Descargó su espada contra una de ellas mientras pasaba rugiendo a su lado, y la hoja le abrió un tajo profundo y la arrojó hacia atrás. El impacto le dio casi media vuelta al Sabueso, que siguió adelante girando, tambaleándose, gritando. La hoja se hundió en la pierna de un Shanka y le arrancó un pie, y el Sabueso se precipitó por la ladera patinando por el fango y tratando de no perder el equilibrio.
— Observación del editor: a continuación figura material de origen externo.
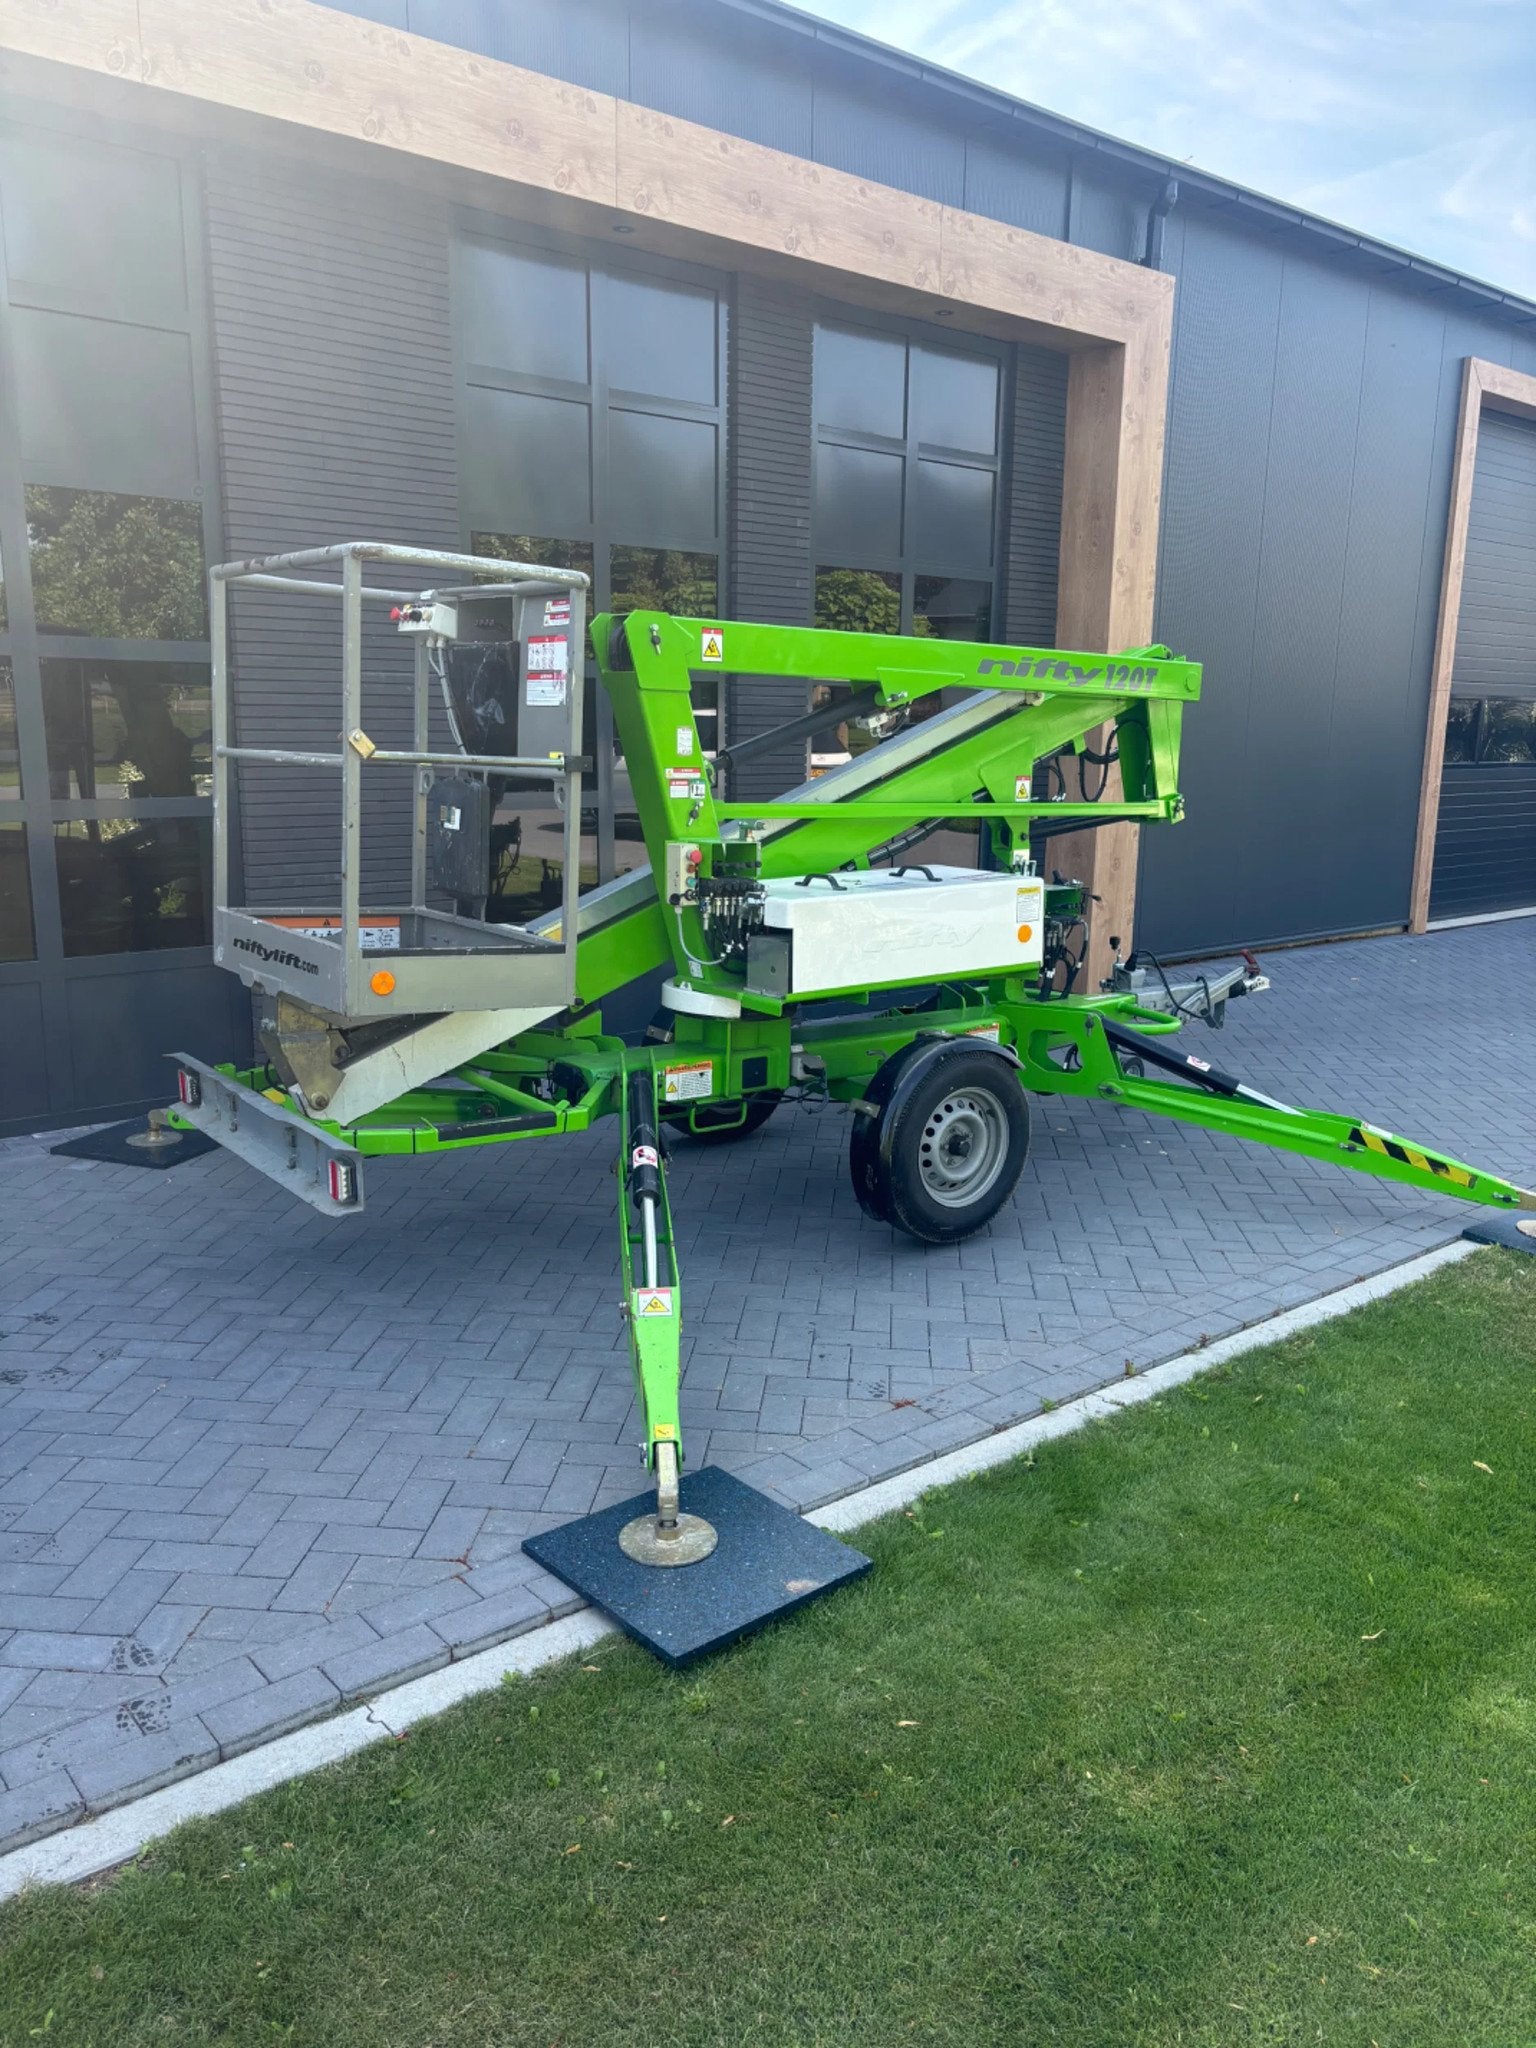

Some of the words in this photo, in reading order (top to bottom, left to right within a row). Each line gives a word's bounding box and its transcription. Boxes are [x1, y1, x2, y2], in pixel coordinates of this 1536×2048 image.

[977, 656, 1103, 687] nifty
[1104, 663, 1158, 692] 120T
[233, 937, 320, 976] niftylift.com
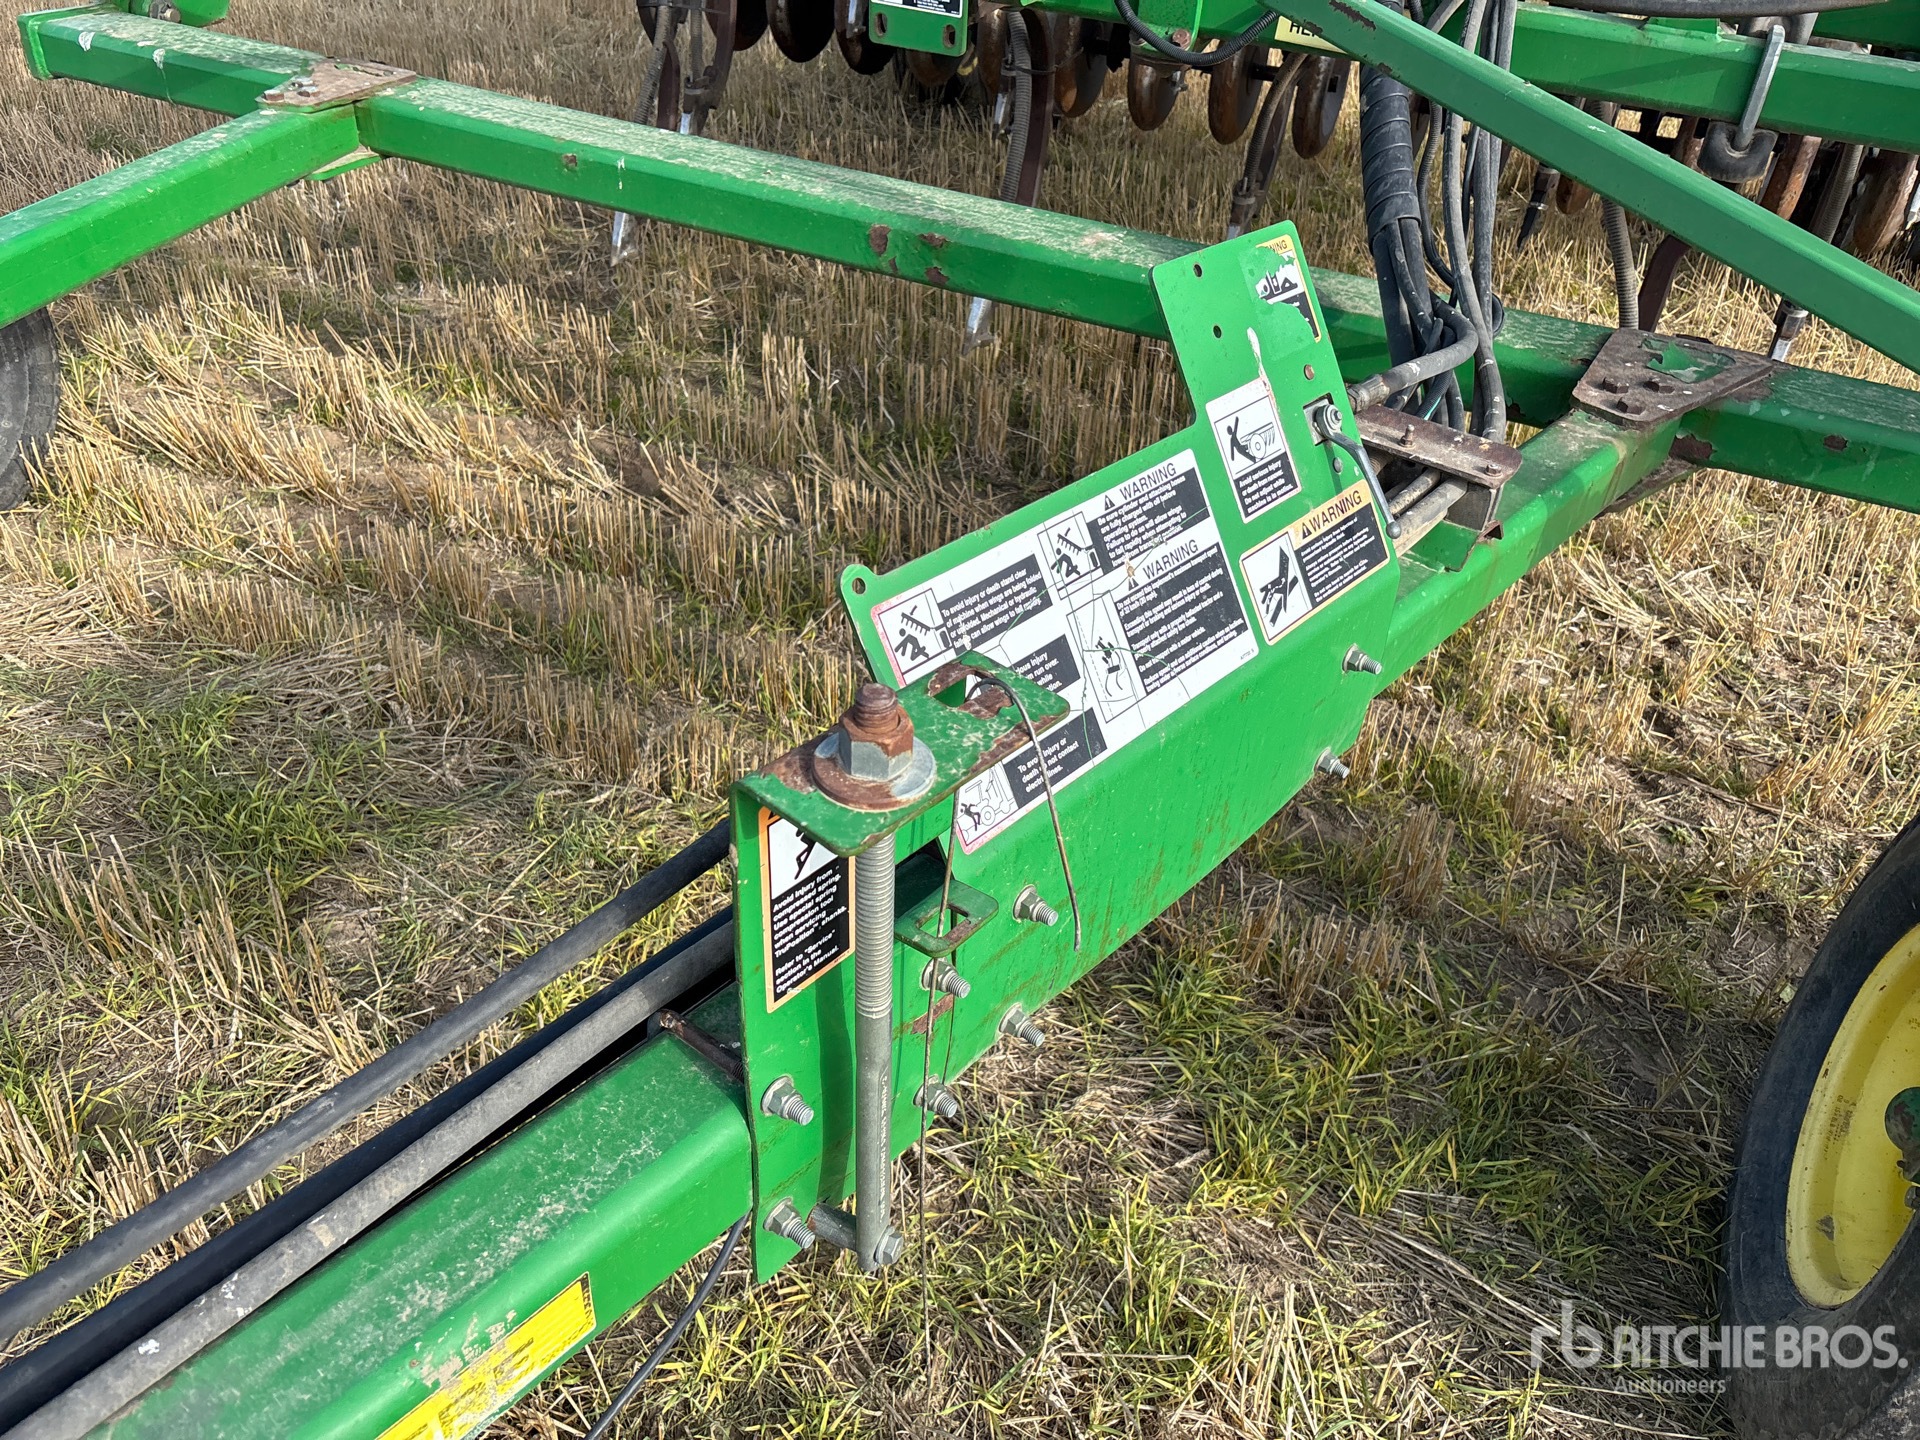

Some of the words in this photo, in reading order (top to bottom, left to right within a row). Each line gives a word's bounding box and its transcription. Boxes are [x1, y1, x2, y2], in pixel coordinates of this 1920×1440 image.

[1119, 462, 1177, 501] WARNING
[1309, 490, 1362, 533] WARNING
[1142, 539, 1199, 580] WARNING
[947, 619, 952, 628] of
[974, 601, 989, 612] when
[989, 593, 1004, 605] wings
[1004, 589, 1012, 597] are
[1012, 581, 1027, 592] being
[950, 601, 965, 614] avoid
[964, 594, 979, 606] injury
[986, 583, 1000, 594] death
[1000, 574, 1014, 587] stand
[1015, 569, 1026, 579] clear
[950, 630, 956, 638] or
[971, 630, 981, 639] can
[981, 622, 994, 633] allow
[994, 614, 1009, 626] wings
[1031, 653, 1047, 666] injury
[1034, 667, 1044, 676] run
[1045, 659, 1059, 670] over.
[1037, 674, 1052, 685] while
[1018, 765, 1026, 773] To
[1043, 743, 1059, 757] injury
[1022, 769, 1039, 783] death
[1048, 755, 1058, 766] not
[1058, 741, 1078, 759] contact
[1026, 776, 1044, 792] electri
[773, 894, 794, 912] Avoid
[794, 881, 815, 897] injury
[816, 870, 833, 882] from
[773, 889, 817, 921] compressed
[817, 874, 841, 891] spring.
[773, 919, 788, 930] Use
[788, 900, 814, 920] special
[815, 885, 837, 902] spring
[774, 907, 819, 939] compression
[820, 896, 834, 908] tool
[774, 933, 794, 948] when
[794, 911, 826, 935] servicing
[821, 907, 847, 925] shanks.
[775, 964, 802, 984] section
[810, 950, 822, 959] the
[775, 960, 795, 975] Refer
[776, 965, 813, 992] Operator's
[813, 946, 838, 966] Manual.
Los ruidos del combate, sordos, extraños, llegaban de todas partes. Los hombres bramaban maldiciones, los Shanka gruñían, el metal chocaba con estrépito, el acero se hundía con un ruido sordo en la carne.

El Sabueso daba tumbos y se deslizaba entre los árboles, sin saber por dónde le vendría el siguiente Cabeza Plana, sin saber si no se encontraría de repente con una lanza clavada en la espalda. Distinguió una silueta en medio de la mugre gris y corrió hacia ella gritando a todo pulmón. La niebla pareció despejarse ante él, y se detuvo horrorizado dando un patinazo que le retumbó en la garganta y estuvo a punto de hacerle caer de espaldas.

El Temible, más grande y más espantoso que nunca, con su piel tatuada erizada de flechas rotas, se encontraba a menos de cinco zancadas de él. Tampoco contribuía a mejorar las cosas el hecho de que con su brazo extendido agarrara del cuello a un carl que se revolvía y daba patadas al aire. Los tendones tatuados de su antebrazo palpitaron y se retorcieron, sus enormes dedos se cerraron con fuerza y entonces los ojos del carl se desorbitaron y su boca se abrió sin dejar escapar ruido alguno. Luego se oyó un crujido, y el gigante arrojó el cadáver, que salió volando hecho un guiñapo y luego rodó y rodó por la nieve y el barro con su cabeza medio suelta hasta que por fin se paró y quedó inmóvil.

El Temible se erguía en medio de la niebla que fluía a su alrededor, mirando al Sabueso tras su máscara negra y aguardando, y el Sabueso, casi a punto de orinarse encima, le devolvía la mirada.

Pero cuando hay que hacer algo lo mejor es hacerlo sin más. Más vale eso que vivir con miedo. Es lo que habría dicho Logen. En vista de lo cual, el Sabueso abrió la boca, lanzó un grito lo más fuerte que pudo y, blandiendo en alto su espada prestada, se lanzó a la carga.

El gigante alzó el brazo chapado de metal y paró el golpe de la hoja. Al impactar los dos metales, los dientes del Sabueso castañetearon y la espada se le escapó de las manos y salió dando vueltas por el aire, pero, de inmediato, coló su cuchillo por debajo del brazo del gigante y se lo hundió hasta la empuñadura en el costado tatuado.

—¡Ja! —gritó el Sabueso, pero la celebración duró poco. El enorme brazo del Temible salió disparado de la niebla y le propinó en el pecho un golpe de revés que lo lanzó gorgoteando por los aires. El bosque giró como un torbellino y, de pronto, un árbol pareció surgir de la nada y se estrelló contra su espalda, arrojándolo desmadejado al barro. Trató de respirar y no pudo. Trató de darse la vuelta y no pudo. Sentía una opresión terrible en las costillas, como si tuviera una gigantesca roca sobre el pecho.